Desde la moción de censura de 2018, el ambiente de transición ha contribuido a que sean periodistas quienes estén a cargo de los medios y actúen como tales con pocas instrucciones del despistado poder. La diferencia se ha notado en los telediarios de TVE, los informativos de RNE y la cobertura de la agencia EFE, con ejemplos de información menos dirigida, más abierta, mejor.

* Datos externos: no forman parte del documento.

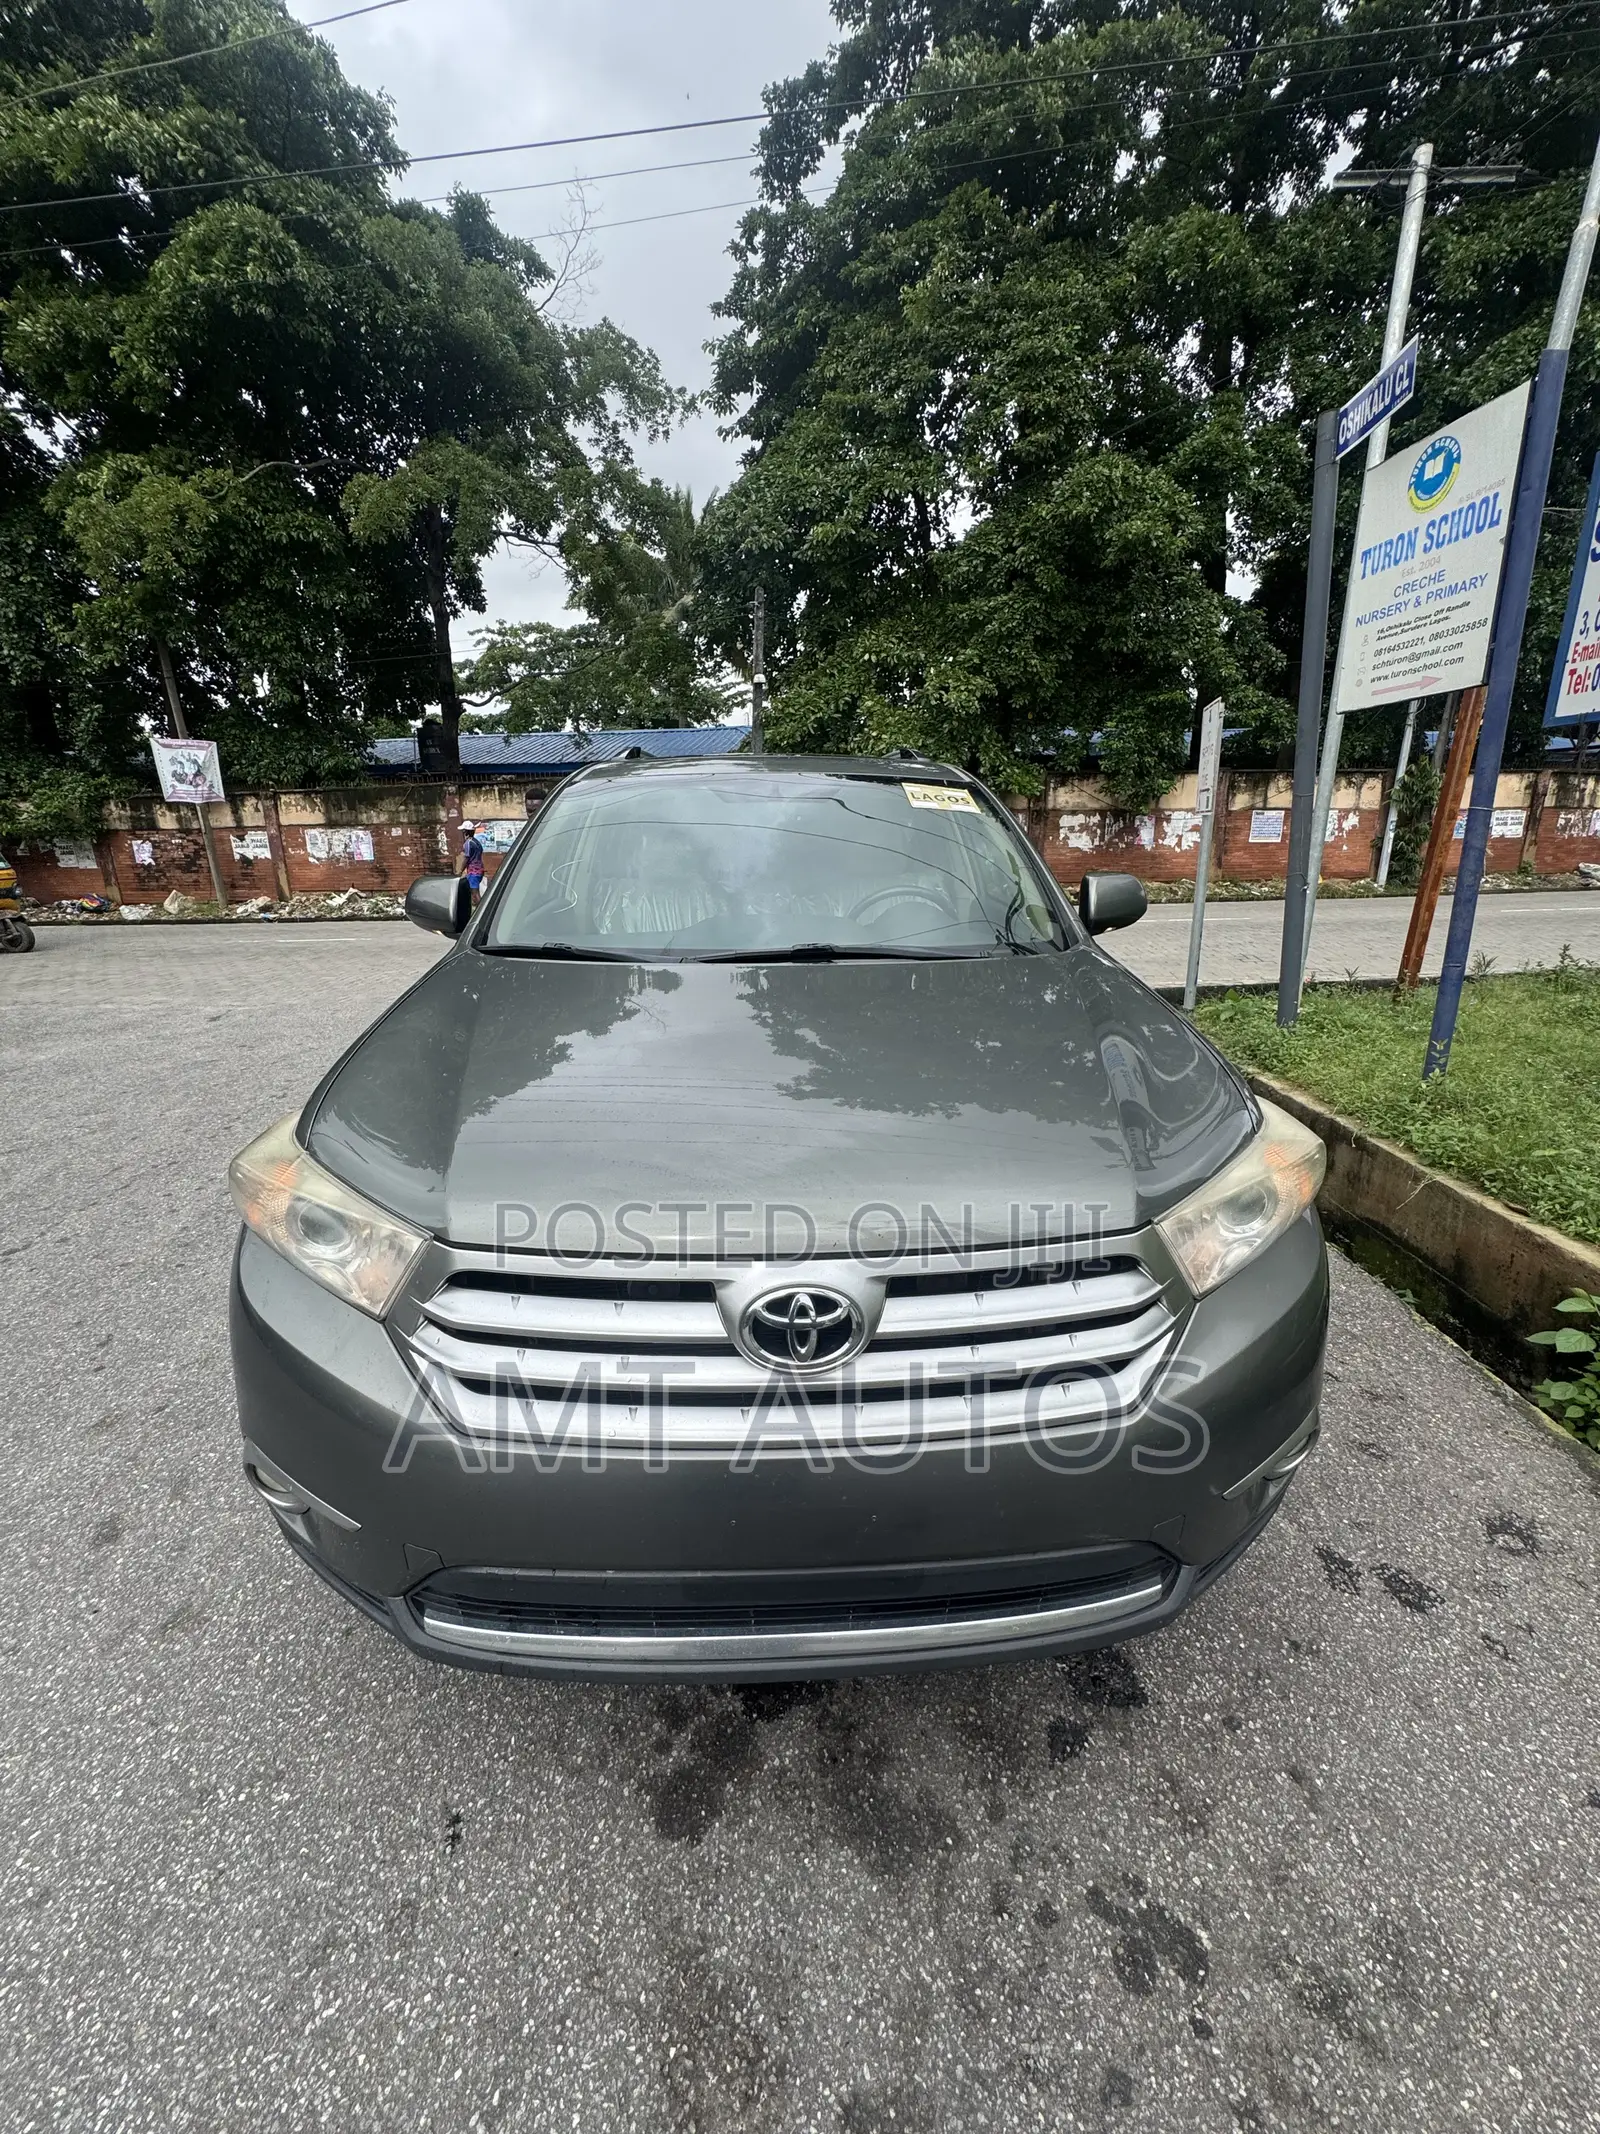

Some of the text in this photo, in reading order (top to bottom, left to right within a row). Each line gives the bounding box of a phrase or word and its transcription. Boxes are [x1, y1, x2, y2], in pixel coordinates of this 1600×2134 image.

[1339, 360, 1410, 445] OSHIKALU CL
[1360, 491, 1502, 580] TURON SCHOOL
[1402, 555, 1441, 578] Est. 2004
[1393, 569, 1446, 598] CRECHE
[1355, 573, 1489, 628] NURSERY & PRIMARY
[1413, 613, 1432, 623] Close
[1433, 609, 1445, 617] Off
[1428, 617, 1489, 642] 08033025858
[1370, 656, 1464, 683] www.turonschool.com
[1371, 641, 1464, 671] schturon@gmail.com
[909, 792, 971, 805] LAGOS

Pero las señales que está dando el nuevo gobierno de coalición son otra vez poco alentadoras. El cese de Fernando Garea al frente de la agencia EFE es tan descorazonador como la pseudoexplicación de la portavoz del gobierno, María Jesús Montero, de que esto “forma parte del proceso normal y habitual del inicio de legislatura donde diferentes equipos profesionales o humanos se renuevan para adaptarse”. No es “normal”. Sólo se convierte en “habitual” si los políticos siguen tratando a los medios públicos como parte de su gobierno. Y exigir a los profesionales que se “adapten” a las necesidades políticas es contrario a la esencia del periodismo.
Tampoco parece que el Gobierno tenga interés en resucitar un concurso público, abierto y competitivo para nombrar a la persona encargada de administrar RTVE.
Para cambiar las reglas hace falta que el Gobierno y los partidos políticos de la oposición se tomen en serio crear estructuras que garanticen la independencia de estos medios más allá de la tentación de controlarlos el rato que les toca.
No hay que dejar de recordar que en una democracia los medios públicos no son el altavoz del gobierno ni una extensión de su política de comunicación. Sólo tiene sentido que existan si se les deja cumplir su función de informar lejos de las presiones políticas y comerciales para llegar donde otros medios privados no llegan por falta de interés, recursos o garantías contra las presiones.
Lo que está en juego es especialmente importante ahora. Entre las voces estridentes en casi todos los medios privados, informar sin opiniones fuertes es más esencial que nunca. RTVE llega por igual a ciudadanos de izquierda y de derecha, y los sesgos de su audiencia son menores que los de la audiencia del resto de canales españoles y de la mayoría de las radiotelevisiones públicas europeas, según un informe reciente del Instituto Reuters para el estudio del periodismo.
Mantener los medios públicos sólo tiene sentido si cumplen su función de hacer periodismo con el lujo de no tener que vender ni clics ni favores a los anunciantes ni complacer al público más sectario ni a los políticos que tienen la mayoría.
Hay pocos ejemplos donde los medios públicos hayan logrado cumplir con su misión y algunos de los más exitosos están en peligro.
En Reino Unido, la BBC ha sido y sigue siendo referente de información más allá de preferencias partidistas y ha servido de contrapunto para una prensa privada que, salvo excepciones, deja mucho que desear y suele estar plagada de bulos. El Gobierno de Boris Johnson quiere acabar con su sustento y su independencia como todos los populistas de nuestra era, obsesionados con cargarse las instituciones que pueden ejercer de árbitro en el debate público.
En Estados Unidos, la radio pública NPR, uno de los mejores medios del mundo y el que mejor simboliza lo que es el servicio público, no tiene la misma influencia, pero ha conseguido crear un modelo que se basa en gran parte en las aportaciones de sus oyentes. El Gobierno de Trump ya ha intentado varias veces cortarle el presupuesto público que sigue recibiendo.
España apenas está dando sus primeros pasos en el camino por la autonomía de los medios públicos, pero el último año y medio ha demostrado que es posible una televisión, una radio y una agencia donde el poder político deje trabajar más o menos en paz a los periodistas. Sería una mala noticia que hubiera sido un espejismo o un accidente.